In the absence of any financial aid, the LTTE would not be in a position to wage a war against the state anymore, he further told the newspaper.

Bogollagama said Germany had promised to continue its financial aid for development projects.

Recalling that the United Nations had termed LTTE as perpetrators of violence in a number of its resolutions in the last few years, he said one of the resolutions had termed the outfit as a violator of norms on the issue of recruitment of child-soldiers.

“UNICEF had also expressed concerns over the forcible recruitment of children by the LTTE in the last few years,” said the minister.

Contrary to the undertaking it had given to UNICEF against enlisting children for combat, the LTTE is still going ahead with their recruitment, the minister pointed out.

The minister said according to UNICEF reports, months succeeding the signing of ceasefire the outfit had enlisted 5,700 child volunteers.

He applauded Qatar’s contribution to the Lanka’s exchequer and said his country was looking forward to the proposed visit of the Emir Sheikh Hamad bin Khalifa al-Thani in December.

“Hopefully, our president would visit Qatar shortly,” said Bogollagama.

Kohona said the LTTE is forcibly collecting funds from all possible channels worldwide, including the Gulf Cooperation Council states, and this money was being used for buying weapons.

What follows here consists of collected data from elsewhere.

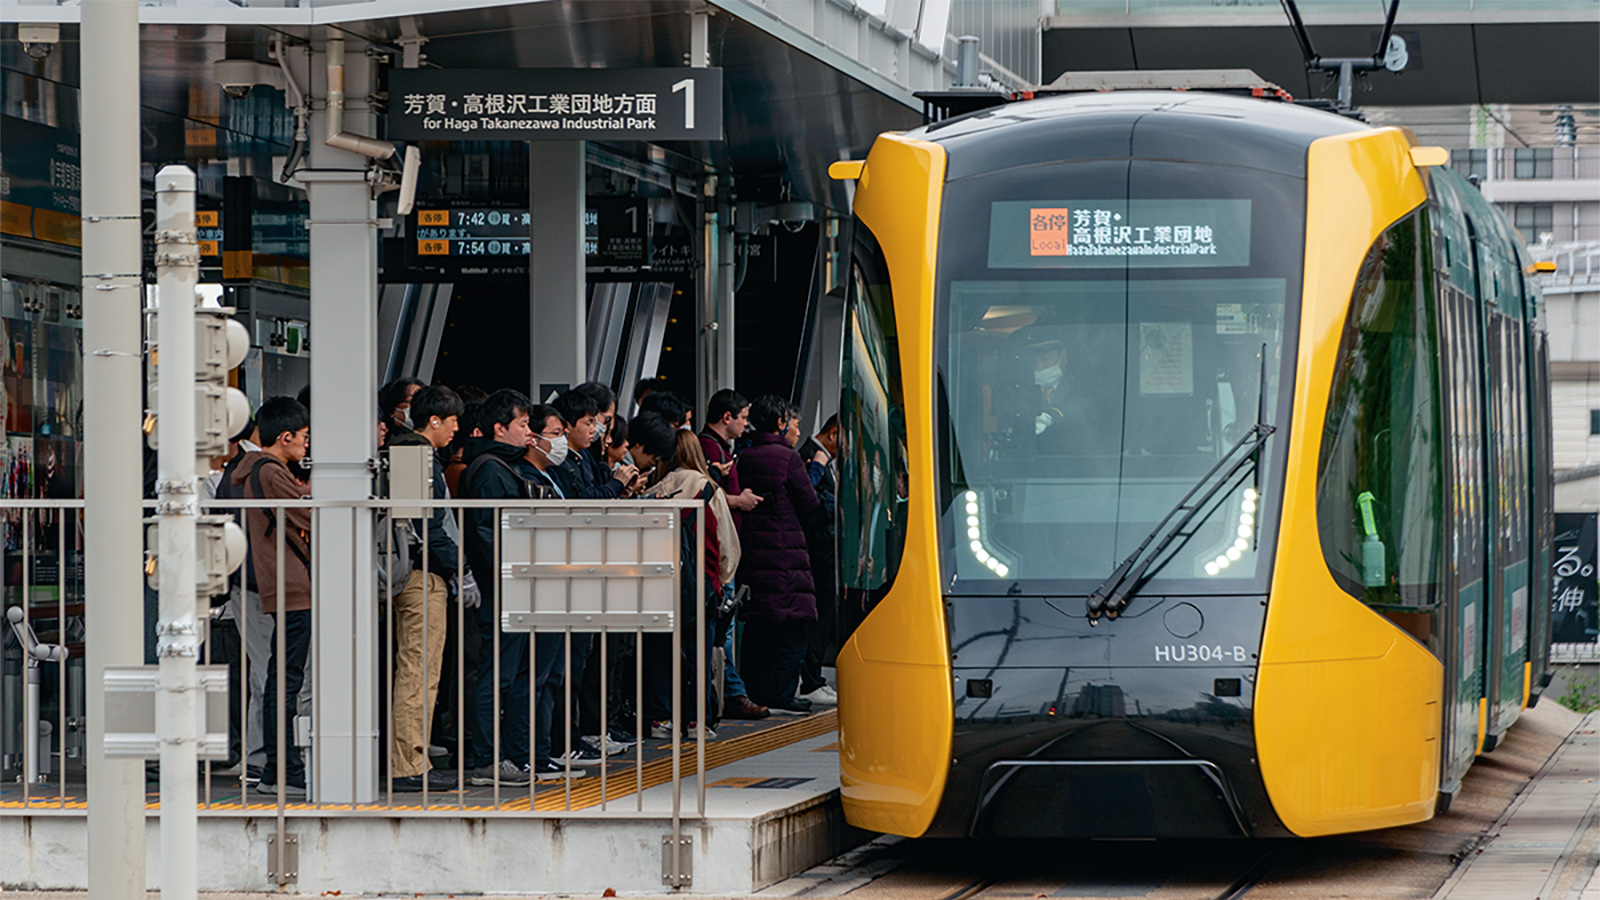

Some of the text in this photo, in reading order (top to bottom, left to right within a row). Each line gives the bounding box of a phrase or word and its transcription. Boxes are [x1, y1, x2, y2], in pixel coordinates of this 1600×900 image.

[403, 93, 657, 115] 芳賀・高根沢工業団地方面
[671, 78, 695, 129] 1
[423, 117, 656, 132] for Haga Takanezawa Industrial Park
[143, 208, 156, 235] 2
[458, 212, 485, 225] 7:42
[625, 206, 637, 233] 1
[1032, 214, 1066, 231] 各停
[1073, 225, 1213, 244] 高根沢工業団地
[458, 242, 485, 255] 7:54
[1032, 239, 1066, 250] Local
[1155, 645, 1246, 661] HU304-B

The foreign secretary, who is also an adviser to President Mahinda Rajapaksa, said over 1.3mn Tamils have already migrated to the west and Australia and now only 4% of the Sri Lankan population is Tamil.

The official also claimed that 54% of the Tamil population has already moved to areas where Sinhalese are in majority.

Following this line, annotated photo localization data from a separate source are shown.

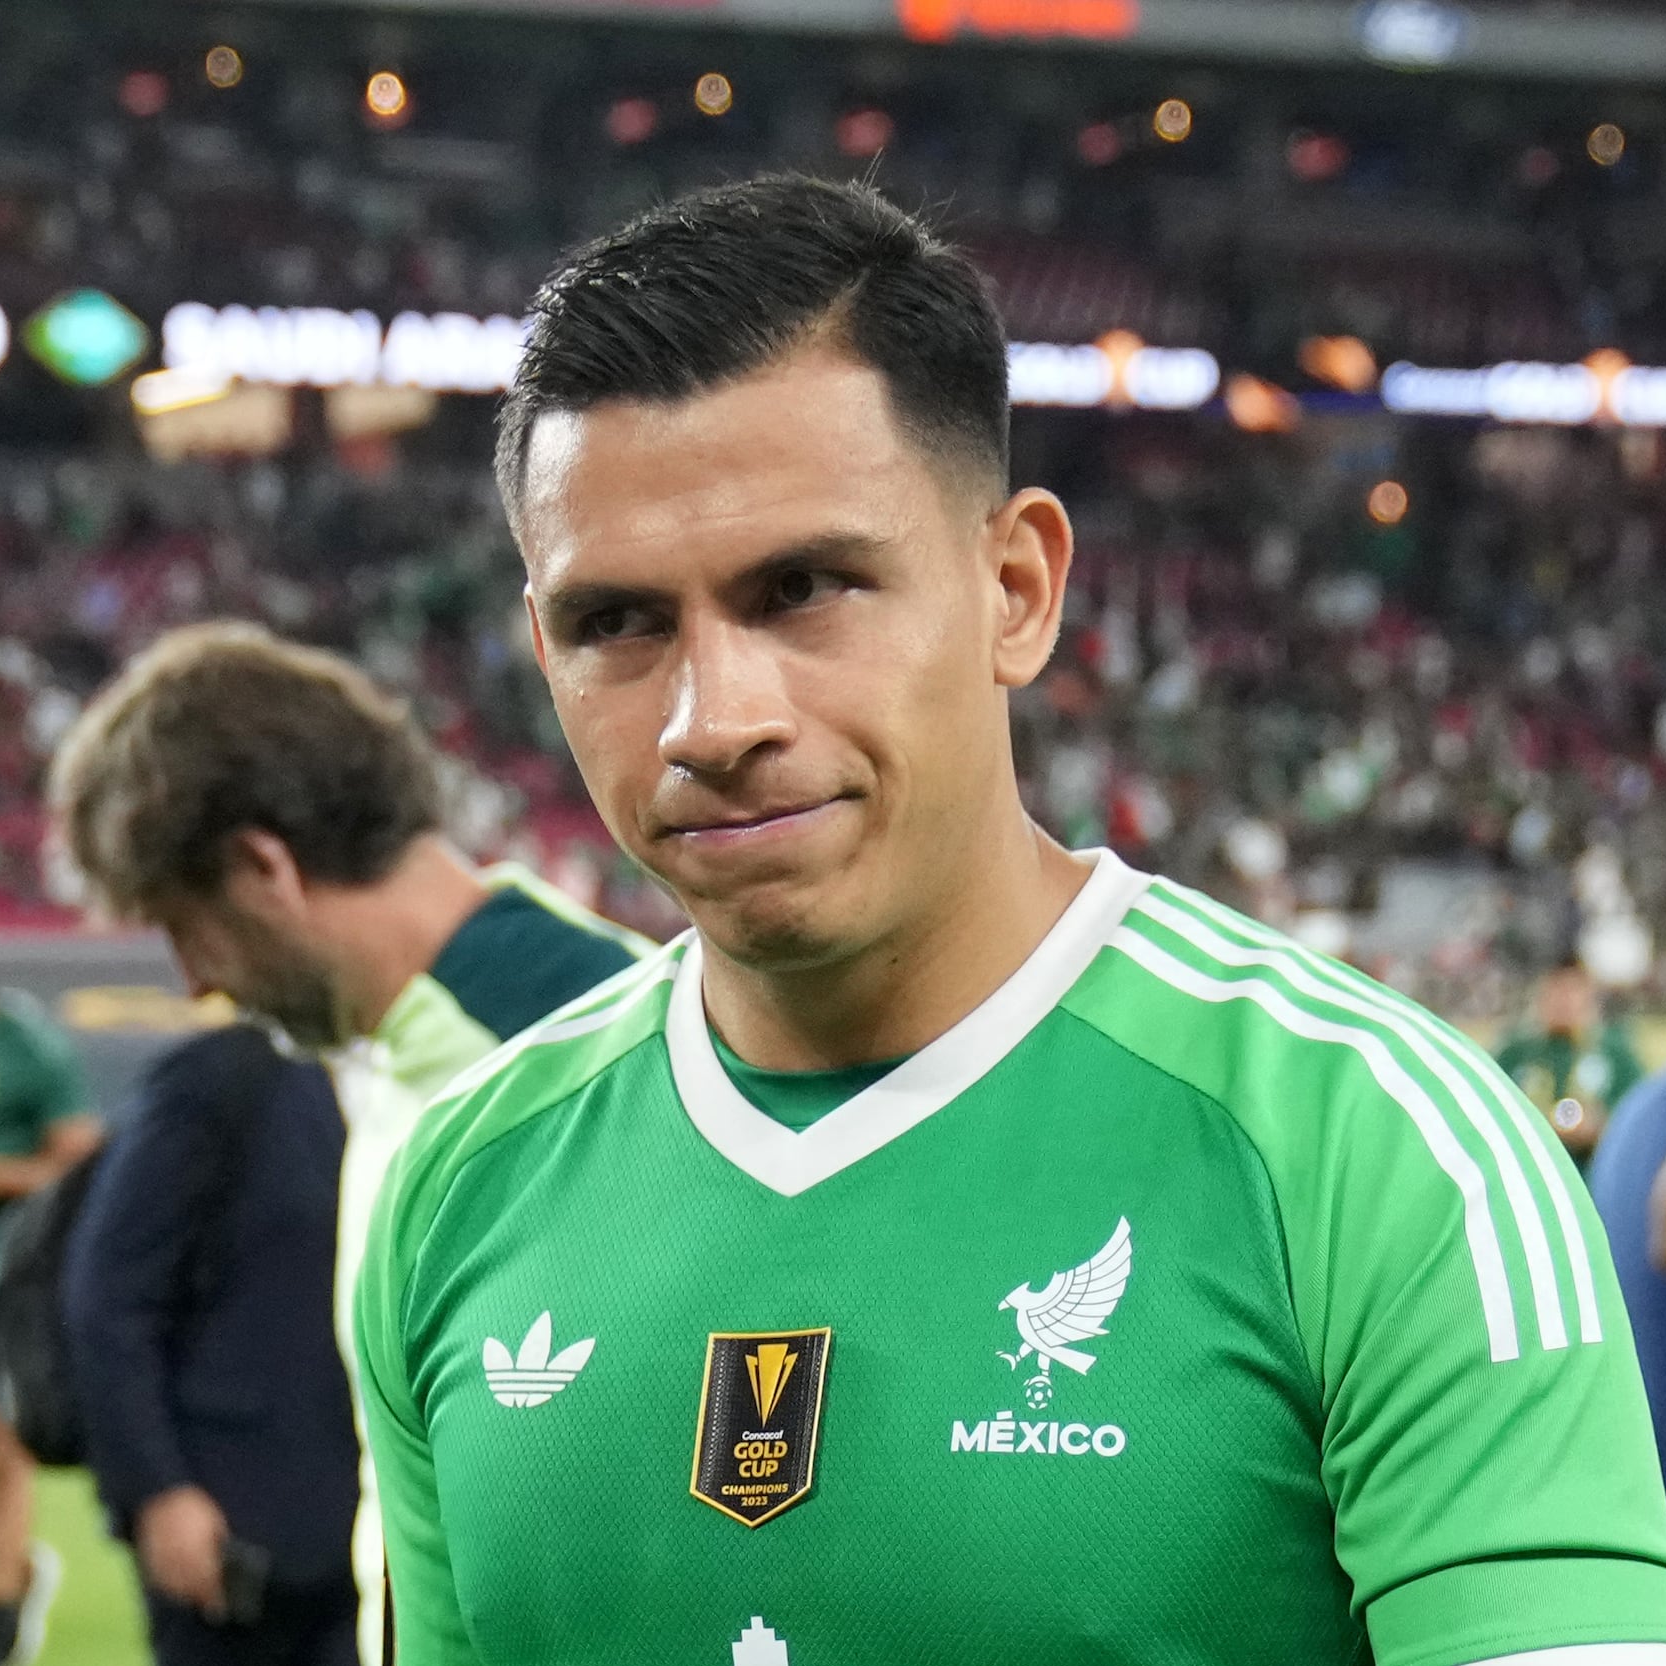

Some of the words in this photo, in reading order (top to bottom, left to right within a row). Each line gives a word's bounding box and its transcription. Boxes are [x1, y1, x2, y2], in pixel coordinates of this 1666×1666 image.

[741, 1430, 784, 1441] Concacaf
[950, 1410, 1126, 1457] MÉXICO
[733, 1441, 789, 1460] GOLD
[738, 1459, 779, 1478] CUP
[721, 1483, 789, 1495] CHAMPIONS
[741, 1496, 768, 1507] 2023

Kohona recalled that when the ethnic conflict began in 1983, at least 12.5% of the Lankan population was Tamil. Most of the migrations, he said, were to the UK, Germany, Switzerland, France, Australia and the United States.

Queried if Sri Lanka was looking forward to any negotiator other than Norway in the peace talks, the official said he did not see any need for any other negotiators in settling the ethnic issue.